By February 20, 2019No Comments

Source : The Sunday Express Magazine – EYE

The Gulf Malayali experience is slowly stepping out of diasporic nostalgia to document the lives, landscapes and politics in the Arab countries.

 

 

His first reporting assignment in the desert cost Muzafer Ahamed a few teeth. He had travelled to Sakakka in Al Jouf on the Jordan-Saudi Arabia border with a friend, an Arab national named Abdurahiman Akheel. They were at Akheel’s small date-palm estate where Ahamed took photographs of a well that irrigated the farm. It was the well that triggered the attack, Ahamed was to learn later from the police. A dispute had been simmering over the well for nearly a century and half, and Ahamed had been mistaken for the Sudanese aide of one of the litigating parties. It was harbul ma’a or water war, Abdul Aziz Khatifi, a journalist with Al Arabiya, an Arabic newspaper, educated Ahamed, who had just arrived in Jeddah from watery Kerala to work as a journalist.

Ahamed’s snapshots about people, culture and the landscape of the desert is unique because rarely have writers from the Indian diaspora in the Gulf written about the non-diasporic life in the region, and, that too, like an insider. This is intriguing for the Malayali’s tryst with West Asia, particularly the Arab peninsula, dates back to the days of the Roman Empire. For centuries, people from both regions crossed the sea and traded in spices, ships, textiles and so on.

 

 

Islam is said to have come to the Malabar coast at the time of the Prophet itself and Arabic enriched Malayalam, even leading to the development of an argot called Arabi Malayalam. In the mid-1960s, the Malabar Coast’s ties with the Arabian peninsula were revived when the oil economy started to attract migrant labour. The first recorded migration of labour from Kerala is from this period though people were known to cross the sea in launches and dhows. By the 1970s, particularly after the first oil shock in 1973, West Asia, popularly referred to as “Gulf” in Malayalam, migration from Kerala peaked and the remittances from migrants, to a large extent, helped finance and sustain the welfare state back home. The Gulf migration transformed Kerala society, economy, landscape and cultural choices including cuisine, consumer choices and so on. The Gulf Malayali has been present in Kerala’s popular culture since the 1980s, mostly as a caricature and as a symbol of the neo-rich. But the Gulf experience, particularly the society and landscape outside the Malayali diaspora, is hard to find in Malayalam cinema and fiction. Ahamed’s work was one of the first attempts to engage with the “Gulf” without being burdened by diasporic nostalgia.
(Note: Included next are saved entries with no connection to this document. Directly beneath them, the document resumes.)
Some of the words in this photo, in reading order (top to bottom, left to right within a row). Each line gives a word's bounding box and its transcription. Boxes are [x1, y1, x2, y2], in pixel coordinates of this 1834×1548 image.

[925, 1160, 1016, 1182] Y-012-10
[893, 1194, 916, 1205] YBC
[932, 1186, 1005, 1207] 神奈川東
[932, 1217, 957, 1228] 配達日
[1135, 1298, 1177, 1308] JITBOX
This certainly seems to be changing. At least two novels in recent times have turned to the Gulf experience of the Malayali diaspora to reflect upon the political economy of the region. Temporary People (2017) by Deepak Unnikrishnan, who grew up in the UAE, is a fine debut novel that shuns nostalgia to capture the diasporic experience in its own terms. Deepak has crafted a unique language — a pidgin English with Malayalam and Arabic words — to situate the largely working-class diaspora and its unequal relations with the Arab ruling class. Benyamin’s Jasmine Days (2018, Mullapponiramulla Pakalukal) is a worthy attempt to explore the tremors of the Arab Spring. His Goat Days (Aadujeevitham, 2008) had captured the trauma of a poor Malayali migrant, who is promised a job in a construction firm but is forced to spent over three years as a bonded labourer in a goat farm.
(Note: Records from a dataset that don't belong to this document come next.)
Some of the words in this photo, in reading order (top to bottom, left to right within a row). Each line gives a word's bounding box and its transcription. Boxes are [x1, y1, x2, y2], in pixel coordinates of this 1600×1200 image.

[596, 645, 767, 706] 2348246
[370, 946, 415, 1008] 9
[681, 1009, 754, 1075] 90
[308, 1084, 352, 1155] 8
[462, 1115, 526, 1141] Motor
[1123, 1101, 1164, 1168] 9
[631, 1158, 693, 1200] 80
Goat Days, of course, is very much a novel of the Malayali diaspora in the Gulf, but it transcends its Malayaliness to become a searing account of migration, exile and exploitation and opens a window into the working class lives that have financed Kerala’s growth story since the 1980s. Jasmine Days and its prequel, Al-Arabian Novel Factory (2014), traverse the sensitive terrain of politics and have a cosmopolitan cast at the heart of a trans-regional political churn. If Goat Days was testimonial, the Jasmine Days and Al-Arabian Novel Factory keep pace with contemporary history and discuss the role of diasporic communities in the politics of nation-states.

 

 

Why has it taken so long for the Gulf Malayali fiction writer to transcend the pull of home and see himself also as a writer of the Arab land? Numerous writers had in the 1980s and thereafter, worked for long years in the Arab countries, but they preferred to write about “home”. There were, of course, works like Babu Bharadwaj’s Pravasiyude Kurippukal (Notes of an Immigrant) and Sageer’s fascinating cartoon novel, Gulfumpadi PO, that are precious documents of the Malayali Gulf experience and its impact back home. Ahamed pins it on fear — writing about life in the Arab countries could cost him job, land him in prison or force him to return.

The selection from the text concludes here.